*Directions*: Write out the listing below from the line containing "this 1504×1000 image." to its last line, unaltered, ends included.

*The data*:
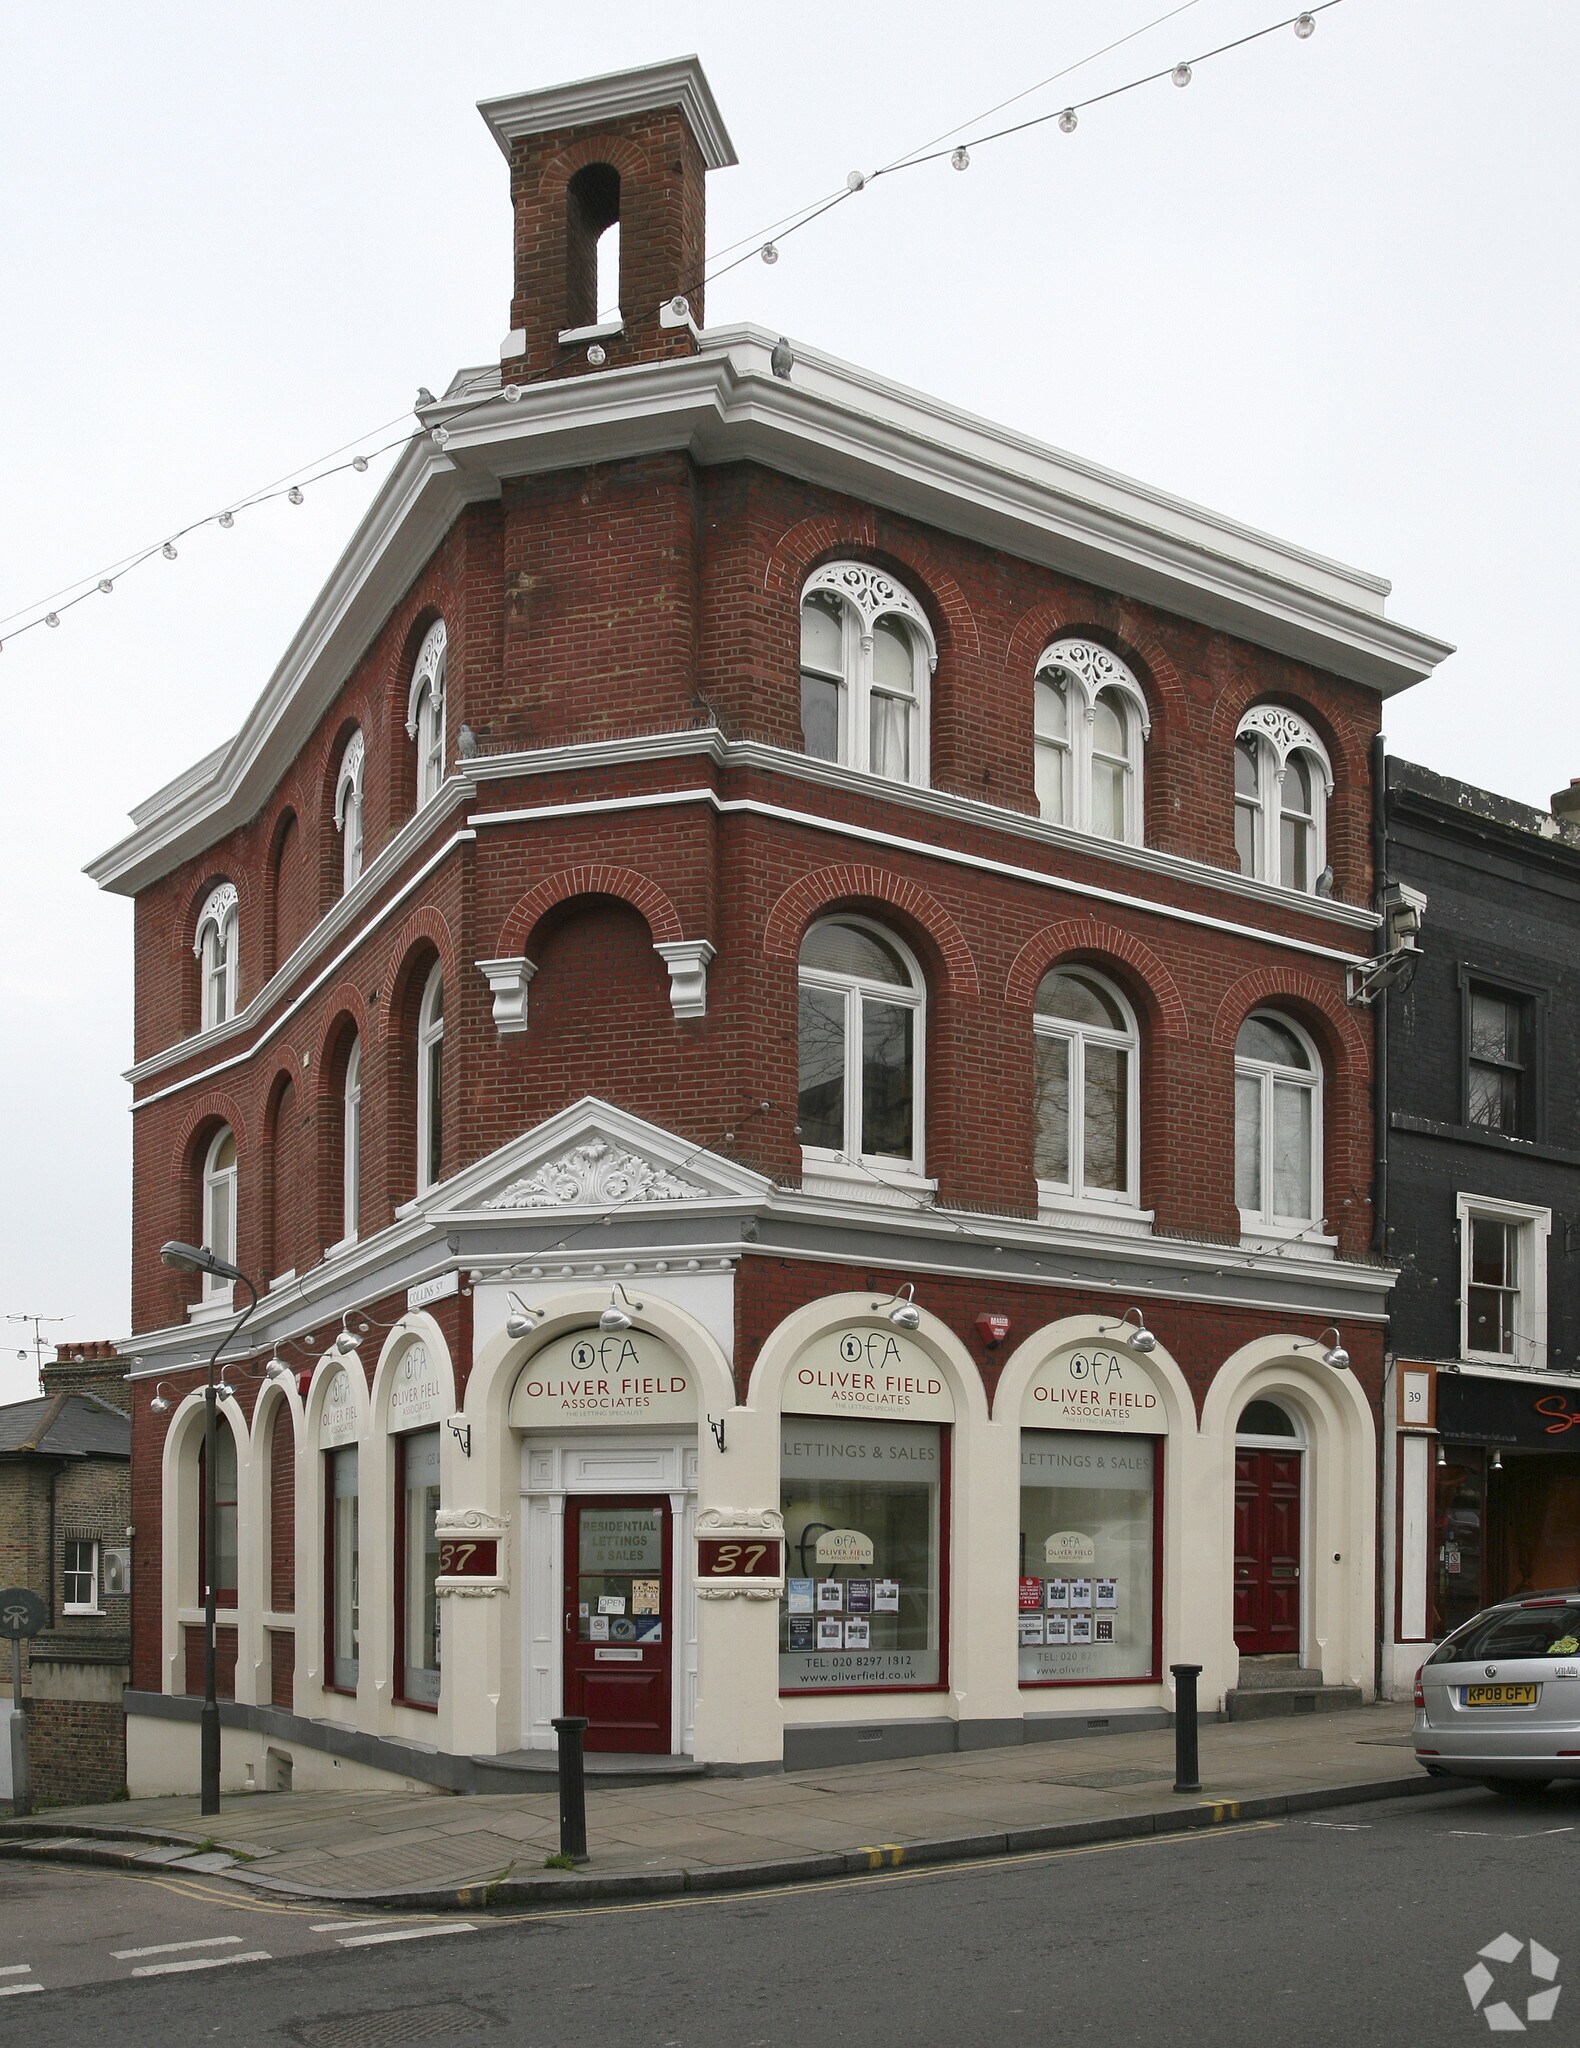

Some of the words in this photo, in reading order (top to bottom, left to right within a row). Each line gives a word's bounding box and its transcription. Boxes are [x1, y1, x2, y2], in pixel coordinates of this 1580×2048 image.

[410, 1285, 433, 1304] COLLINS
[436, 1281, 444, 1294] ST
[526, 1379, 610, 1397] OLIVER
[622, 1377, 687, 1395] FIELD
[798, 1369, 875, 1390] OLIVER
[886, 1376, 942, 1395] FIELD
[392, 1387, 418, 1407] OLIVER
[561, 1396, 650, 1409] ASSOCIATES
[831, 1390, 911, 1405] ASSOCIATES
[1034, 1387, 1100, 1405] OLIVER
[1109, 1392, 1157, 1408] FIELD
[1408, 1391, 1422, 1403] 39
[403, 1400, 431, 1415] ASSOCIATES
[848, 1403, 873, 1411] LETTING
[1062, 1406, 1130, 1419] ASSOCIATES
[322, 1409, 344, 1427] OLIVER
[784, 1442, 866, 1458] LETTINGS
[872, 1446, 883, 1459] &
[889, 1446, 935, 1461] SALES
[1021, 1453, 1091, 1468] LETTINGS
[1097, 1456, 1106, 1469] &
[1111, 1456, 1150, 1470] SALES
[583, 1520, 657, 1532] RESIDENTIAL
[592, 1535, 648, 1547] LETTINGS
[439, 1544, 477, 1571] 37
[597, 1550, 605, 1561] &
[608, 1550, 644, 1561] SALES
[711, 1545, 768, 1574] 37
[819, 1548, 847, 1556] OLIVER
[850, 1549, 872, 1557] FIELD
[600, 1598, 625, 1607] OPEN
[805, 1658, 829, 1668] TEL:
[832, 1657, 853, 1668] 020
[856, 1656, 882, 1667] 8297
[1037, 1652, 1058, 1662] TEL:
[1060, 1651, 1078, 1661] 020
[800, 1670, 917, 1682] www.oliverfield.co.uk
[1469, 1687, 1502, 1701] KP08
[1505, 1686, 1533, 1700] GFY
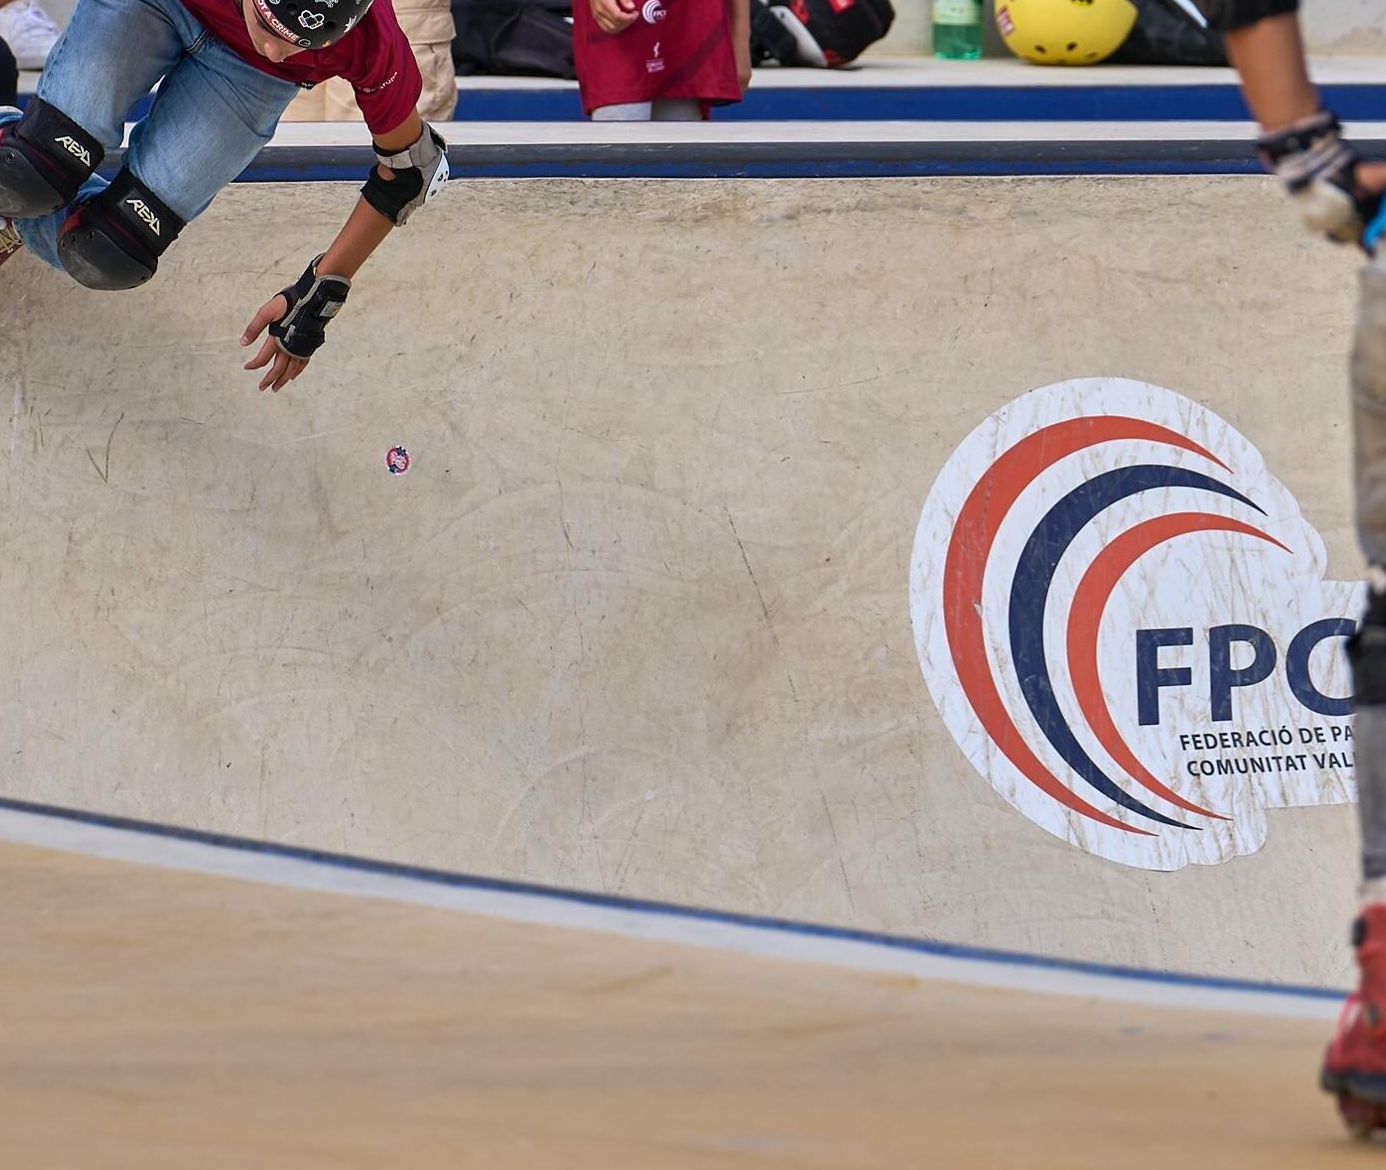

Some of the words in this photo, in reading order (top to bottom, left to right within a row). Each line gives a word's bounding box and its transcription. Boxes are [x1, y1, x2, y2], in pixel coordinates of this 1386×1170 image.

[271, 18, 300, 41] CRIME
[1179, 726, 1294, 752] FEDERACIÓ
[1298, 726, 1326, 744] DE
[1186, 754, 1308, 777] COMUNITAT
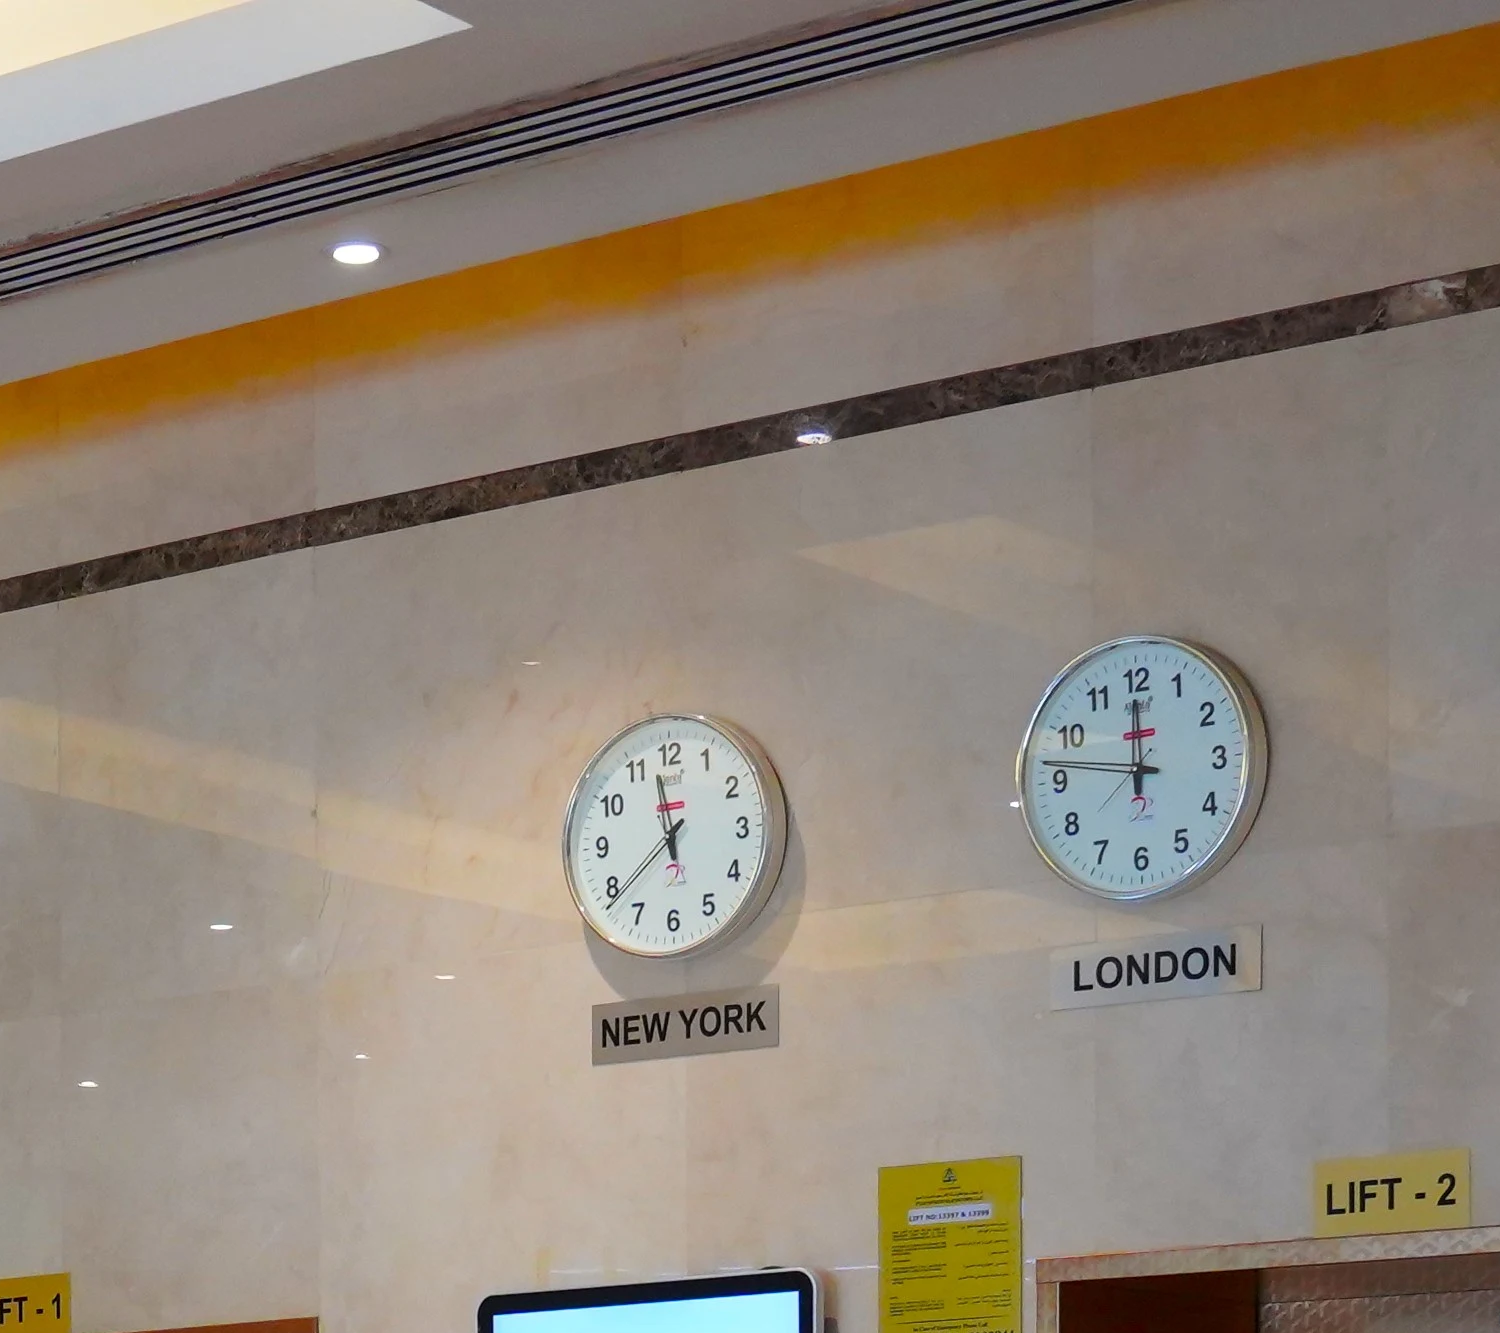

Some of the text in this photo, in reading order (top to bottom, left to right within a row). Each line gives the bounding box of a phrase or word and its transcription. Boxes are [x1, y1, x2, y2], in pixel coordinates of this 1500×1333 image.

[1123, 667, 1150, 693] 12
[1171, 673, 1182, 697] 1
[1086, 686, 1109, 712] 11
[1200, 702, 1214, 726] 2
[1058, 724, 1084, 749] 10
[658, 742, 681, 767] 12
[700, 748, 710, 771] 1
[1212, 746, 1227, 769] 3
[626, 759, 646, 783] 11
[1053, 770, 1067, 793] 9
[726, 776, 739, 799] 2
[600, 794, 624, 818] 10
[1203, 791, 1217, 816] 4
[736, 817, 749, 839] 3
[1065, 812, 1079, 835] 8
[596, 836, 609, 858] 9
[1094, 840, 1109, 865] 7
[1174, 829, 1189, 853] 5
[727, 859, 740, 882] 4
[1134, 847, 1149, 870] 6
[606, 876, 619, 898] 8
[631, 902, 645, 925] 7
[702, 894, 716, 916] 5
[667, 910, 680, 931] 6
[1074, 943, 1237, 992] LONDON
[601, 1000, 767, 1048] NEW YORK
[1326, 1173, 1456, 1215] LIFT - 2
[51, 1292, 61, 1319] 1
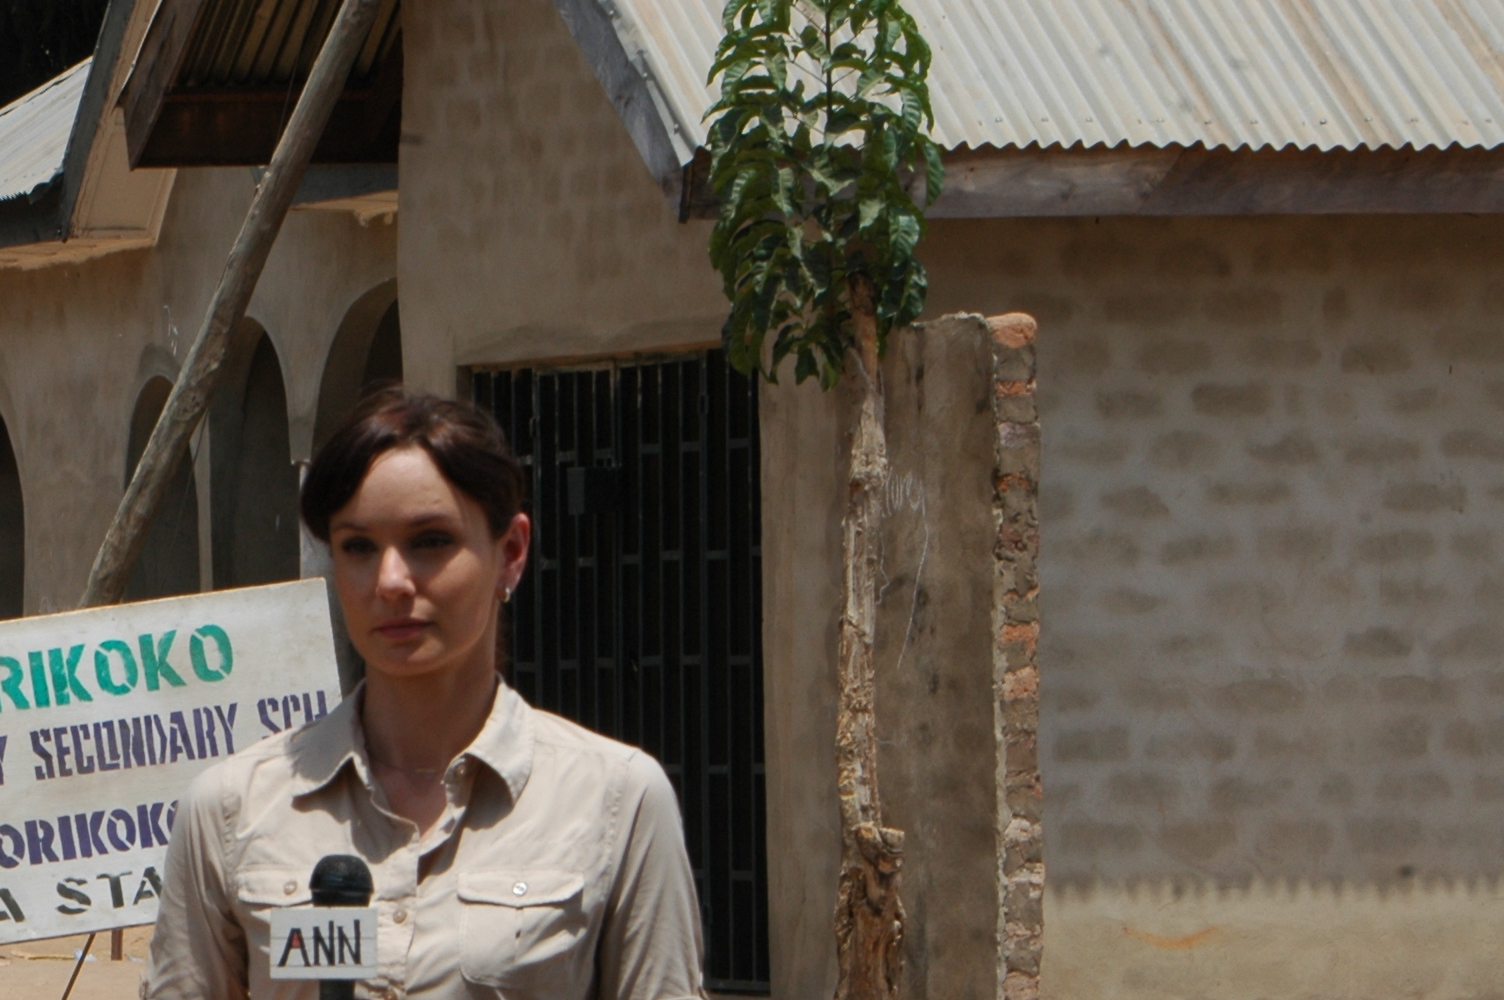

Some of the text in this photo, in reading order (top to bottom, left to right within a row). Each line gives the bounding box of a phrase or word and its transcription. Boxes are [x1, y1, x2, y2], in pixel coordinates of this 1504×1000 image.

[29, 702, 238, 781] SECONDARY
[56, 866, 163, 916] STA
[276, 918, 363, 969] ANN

*Solution to this exercise*:
Some of the text in this photo, in reading order (top to bottom, left to right within a row). Each line gives the bounding box of a phrase or word and its transcription. Boxes are [x1, y1, x2, y2], in pixel coordinates of this 1504×1000 image.

[29, 702, 238, 781] SECONDARY
[56, 866, 163, 916] STA
[276, 918, 363, 969] ANN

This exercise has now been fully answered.